Как и было обещано ранее, за небольшое вознаграждение, зашедший на вечернее дежурство доктор провел меня в закрытые для посещения покои. Наверное, именно здесь, вбирая в свою руку тёплую, но, словно безжизненную ладонь, глядя на бесчисленное количество разноцветных проводов и трубок, безвольно опушенные веки, ссадины на лице и синяки под родными глазами, я полностью смогла осознать необратимость произошедшего.
Слова не идут на ум, изливаясь из сердца горькими слезами. Кажется, она меня чувствует. Словно сердечный ритм на мониторах, от прикосновения моих рук к коже, стучит немного ровнее.
– Я сделаю всё возможное, – только и остаётся бормотать, не слыша ответа. В замке моих пальцев вокруг её ладони, на миг, чувствуется невесомое сжатие пальцев. Знаю, это лишь разыгравшаяся на нервной почве фантазия, но отчаянно хочется верить, что оно было реальным.
Ухожу, благодаря человека, не оставшегося равнодушным к моему горю.
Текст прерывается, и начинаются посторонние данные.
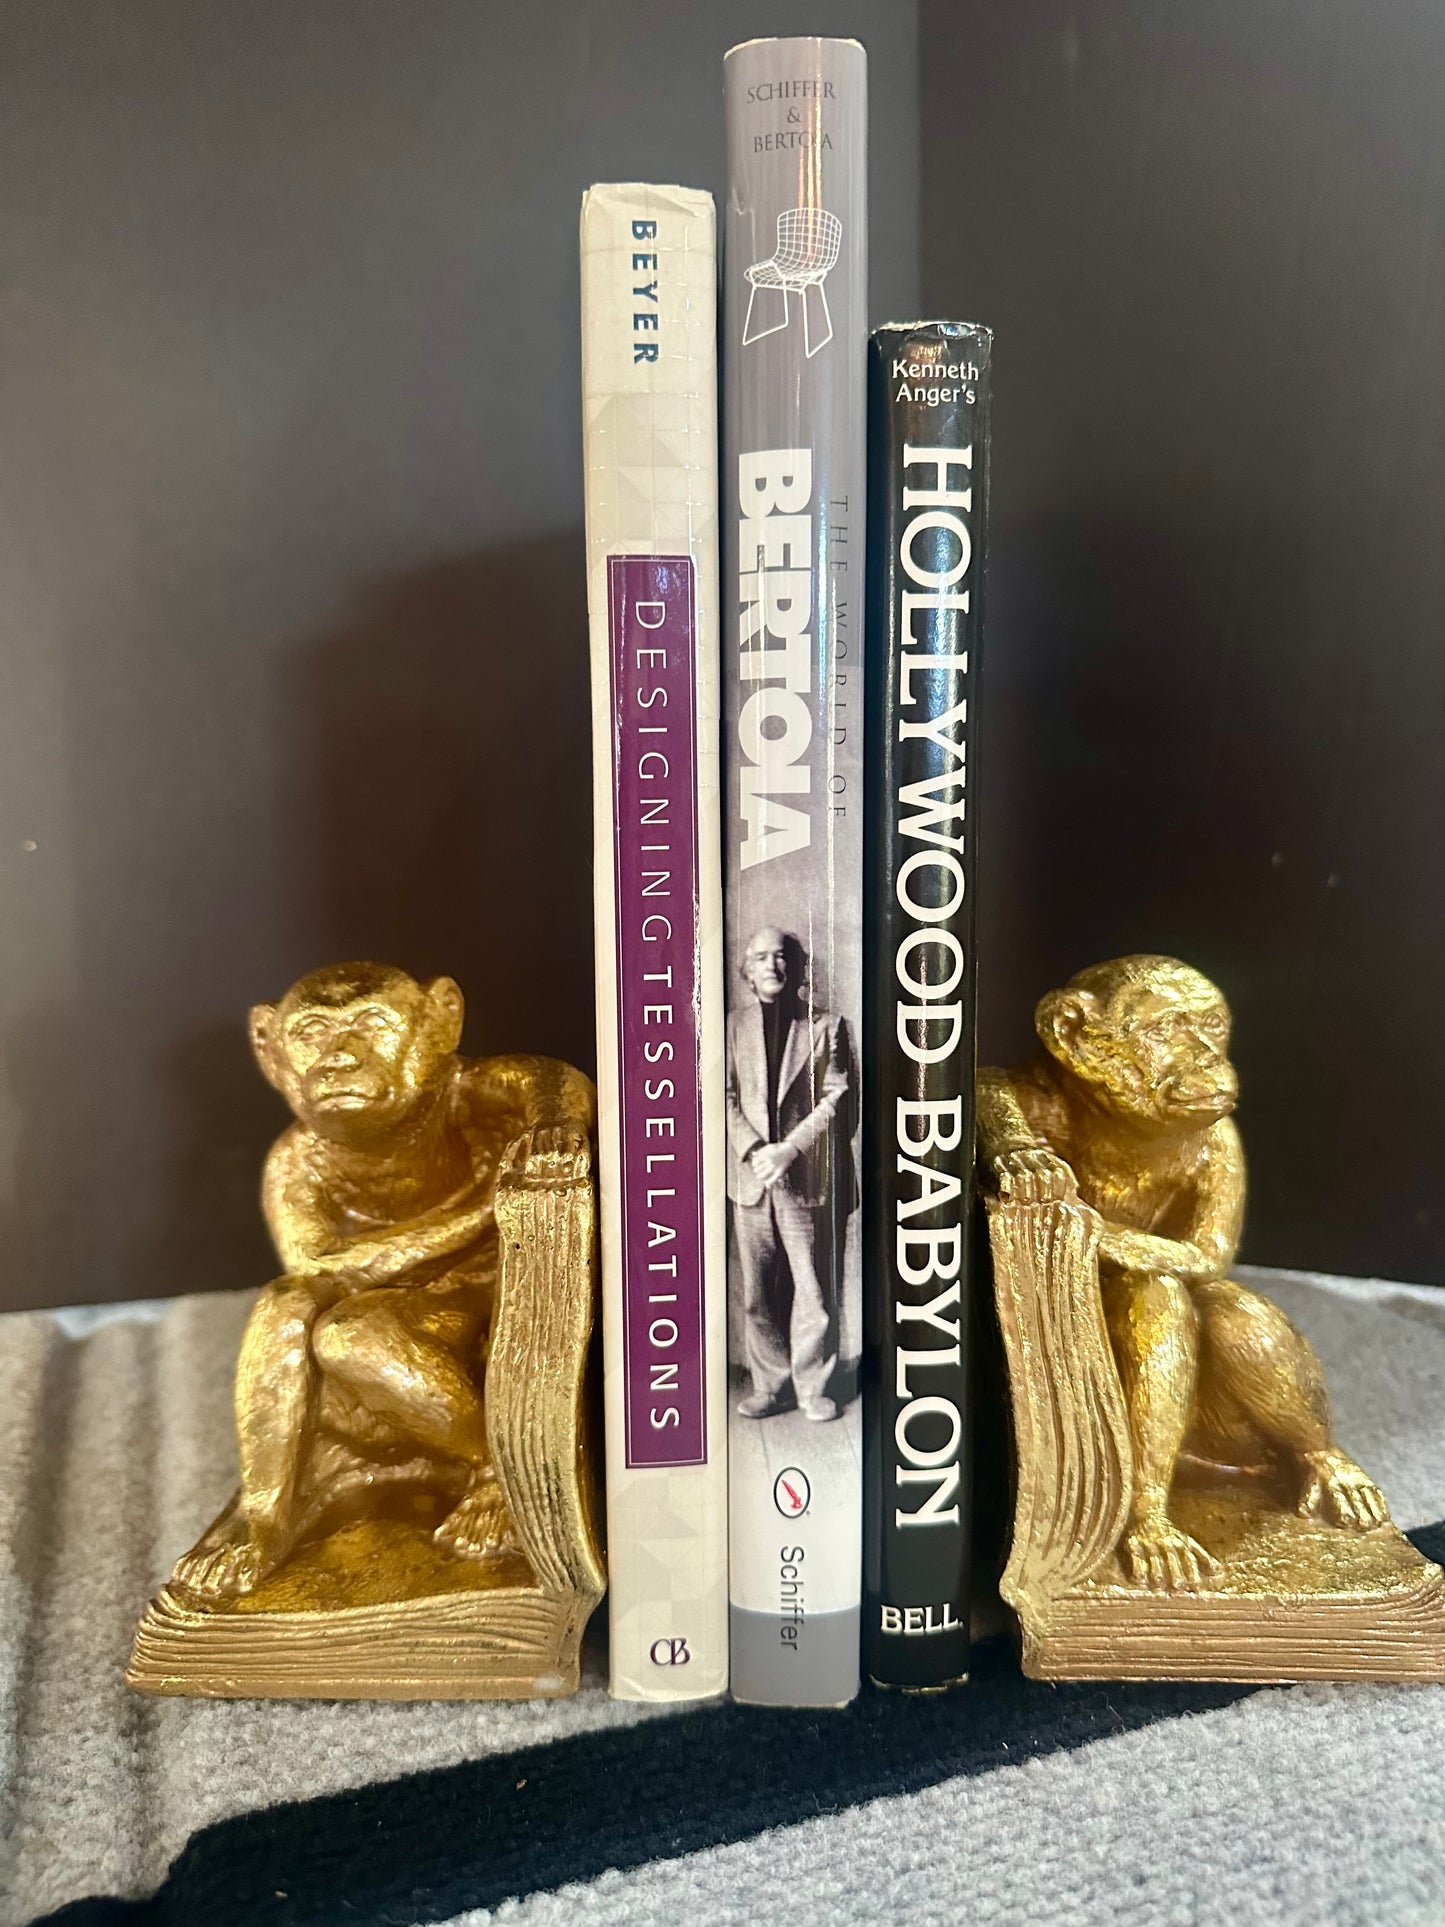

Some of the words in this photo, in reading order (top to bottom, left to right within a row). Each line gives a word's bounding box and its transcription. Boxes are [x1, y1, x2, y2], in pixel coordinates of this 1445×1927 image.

[754, 132, 833, 153] BERTOA
[786, 106, 801, 123] &
[631, 220, 659, 364] BEYER
[892, 360, 979, 382] Kenneth
[895, 384, 976, 406] Anger's
[830, 496, 848, 571] THE
[738, 449, 812, 870] BERTOIA
[635, 601, 671, 941] DESIGNING
[829, 775, 847, 817] OF
[896, 444, 973, 1064] HOLLYWOOD
[643, 966, 680, 1429] TESSELLATIONS
[894, 1095, 962, 1527] BABYLON
[780, 1545, 805, 1651] Schiffer
[649, 1637, 691, 1666] CB
Прошу записать мой номер телефона, по возможности сообщая дни его ночных дежурств, чтобы иметь возможность ещё к ней прийти. Отправляюсь домой по безлюдному городу, намереваясь большую часть пути пройти пешком, избегая взгляда редких прохожих, коротая время до восхода солнца. Не страшась темных улиц. Боясь очутиться в привычной обстановке, тонущей во мраке квартиры. Одной.